■ **Dataset records**:

☆ ☆ ☆ ☆

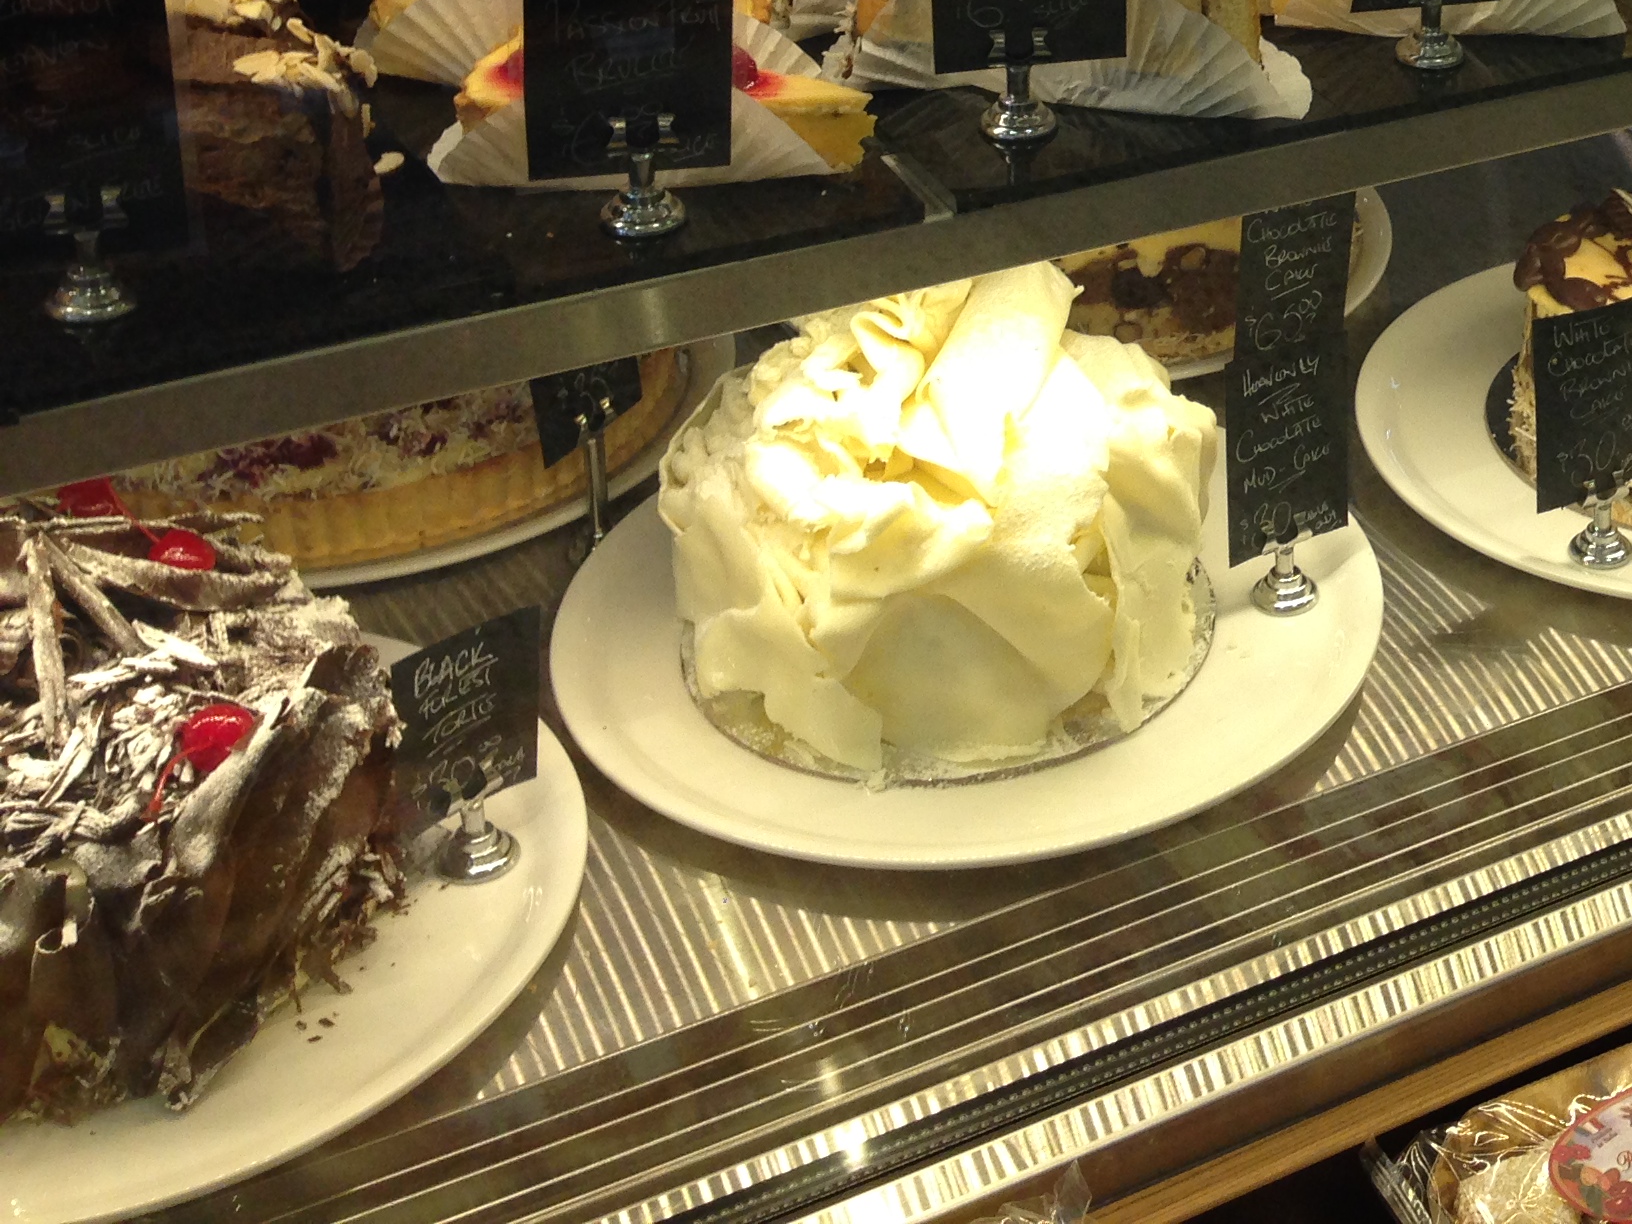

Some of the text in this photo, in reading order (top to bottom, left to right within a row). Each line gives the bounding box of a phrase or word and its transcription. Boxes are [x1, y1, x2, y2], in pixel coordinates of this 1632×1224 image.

[1246, 211, 1338, 245] CHOCOLATE
[1264, 235, 1332, 269] BROWNIE
[1553, 316, 1615, 349] WHITE
[1236, 414, 1323, 463] CHOCOLATE
[414, 641, 495, 698] BLACK

☆ ☆ ☆ ☆

■ **Problem details**: Restate the entire listing word for word, excluding pictures.

■ **Solution to the exercise**:
Some of the text in this photo, in reading order (top to bottom, left to right within a row). Each line gives the bounding box of a phrase or word and its transcription. Boxes are [x1, y1, x2, y2], in pixel coordinates of this 1632×1224 image.

[1246, 211, 1338, 245] CHOCOLATE
[1264, 235, 1332, 269] BROWNIE
[1553, 316, 1615, 349] WHITE
[1236, 414, 1323, 463] CHOCOLATE
[414, 641, 495, 698] BLACK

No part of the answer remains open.